"I'm in total remission. All of the nurses and my doctors have been amazing; the whole team has been phenomenal."

Groundbreaking treatment effectively treating certain types of cancer

A Davenport, Iowa, woman with fast-developing cancer credits the groundbreaking new treatment offered at University of Iowa Holden Comprehensive Cancer Center with saving her life.

Holden is the only center in Iowa to offer CAR T-cell therapy, which uses a patient’s own white blood cells to detect and kill cancer cells and is among the first sites in the nation to use the therapy to treat patients, such as Arlene Barclay.

"It’s a new lease on life," says Barclay, 52, who was diagnosed in December 2017 with diffuse large B-cell lymphoma, the most common form of non-Hodgkin's lymphoma, a cancer that starts in white blood cells.

She was among the first patients at Holden to receive the therapy, which was approved by the Food and Drug Administration (FDA) in 2017 for adults with certain types of non-Hodgkin's lymphoma who have relapsed or received two other kinds of treatment that failed, or children and young adults with acute lymphoblastic leukemia that didn’t respond to therapy or have relapsed.

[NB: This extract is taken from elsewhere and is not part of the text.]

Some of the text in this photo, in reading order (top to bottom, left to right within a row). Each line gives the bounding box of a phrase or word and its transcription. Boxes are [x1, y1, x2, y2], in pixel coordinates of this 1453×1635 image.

Barclay initially was included in a clinical trial but didn't meet all of the criteria to have the procedure done. In the meantime, her condition worsened as the cancer progressed.

She underwent two types of chemotherapy and with no improvement, doctors proposed the CAR T-cell treatment, as she then met the criteria for its use.

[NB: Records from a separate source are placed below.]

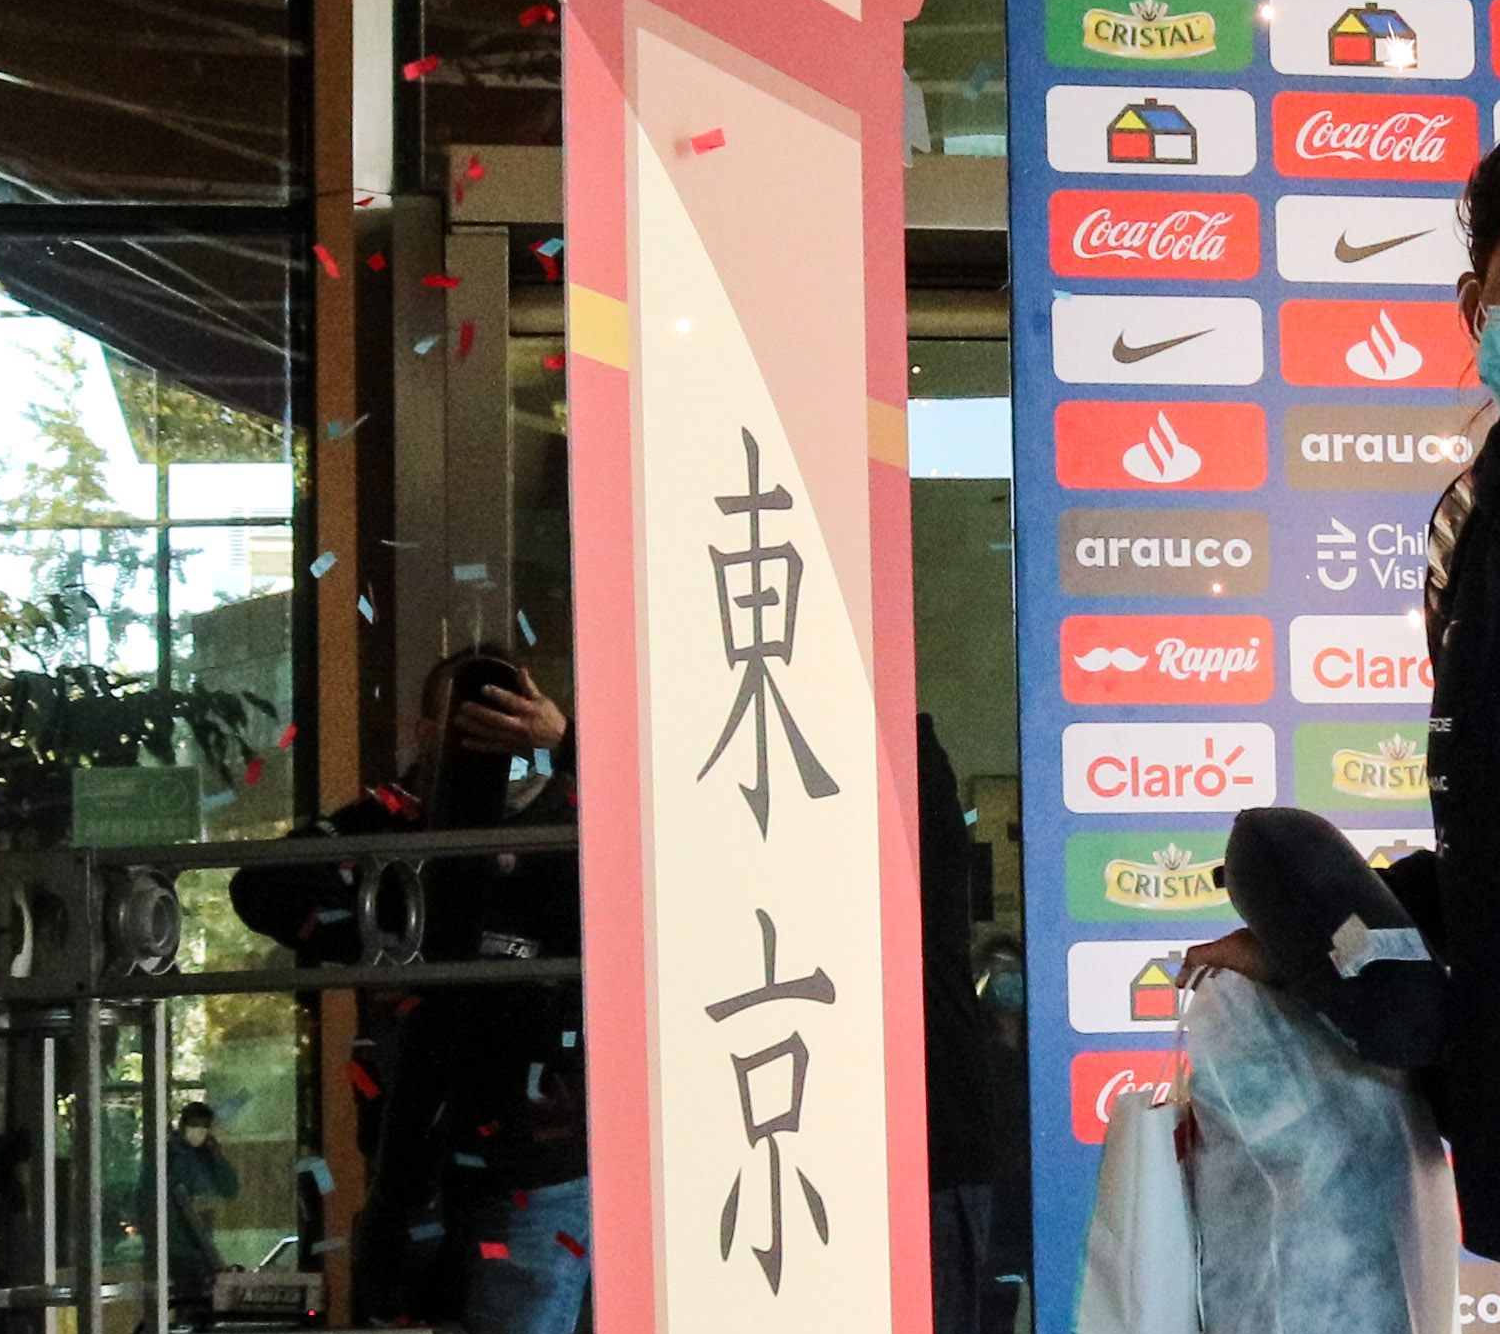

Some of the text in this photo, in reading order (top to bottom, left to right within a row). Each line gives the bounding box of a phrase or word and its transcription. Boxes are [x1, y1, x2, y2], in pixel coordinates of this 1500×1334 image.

[1093, 20, 1203, 48] CRISTAL
[1294, 110, 1454, 163] Coca-Cola
[1071, 208, 1235, 261] Coca-Cola
[1075, 536, 1252, 568] arauco
[1367, 521, 1429, 557] Chil
[1368, 558, 1425, 591] Visi
[1155, 636, 1261, 681] Rappi
[1087, 755, 1226, 797] Claro
[696, 425, 841, 1296] 東京
[1116, 869, 1213, 899] CRISTA

Arlene and Brian Barclay stand outside
Arlene and Brian Barclay, photo by Macey Elizabeth

"It was very new," Barclay says of the therapy, adding that the newness didn't worry her. "At that time, I didn't feel I had much other option. The disease was progressing faster than the chemo was helping."

Hospice had been proposed to manage her pain, she recalls, "but I wasn't willing to give up. It wasn't an option." Barclay chose to proceed with the new treatment.

With CAR T-cell therapy, white blood cells known as T-cells are extracted from the patient’s bloodstream and sent to a lab. Barclay remembers having to lie still for six hours without bending her arms during the procedure. Lab technicians add genes to the T-cells that produce chimeric antigen receptors on the surface of the cells, converting them into CAR T-cells.

Patients must undergo three days of chemotherapy in preparation for the extraction, so their bodies don't reject the converted cells. The CAR T-cells are then infused back into the patient’s bloodstream. The newly added receptors allow the CAR T-cells to recognize cancer cells and kill them.

Barclay experienced one of the side effects of the treatment while she was hospitalized, going through a few days where she felt "completely out of it," but after a few weeks in the hospital, she was discharged at the end of January 2019.

Regular checkups have shown encouraging results.

"I'm in total remission," Barclay says, adding that she is grateful for the care provided. "All of the nurses and my doctors have been amazing; the whole team has been phenomenal."

Barclay and her husband, Brian, who recently celebrated their 30th anniversary, have two adult daughters.

Due to fatigue and some balance issues, she hasn't been able to return to her job as a pharmacy technician but is working to improve her stamina.

Barclay has heard the CAR T-cells described as "super" cells, and she agrees.

"They do their magic and they attack," she says. "For me, it's made the difference between life and death. It has been a miracle."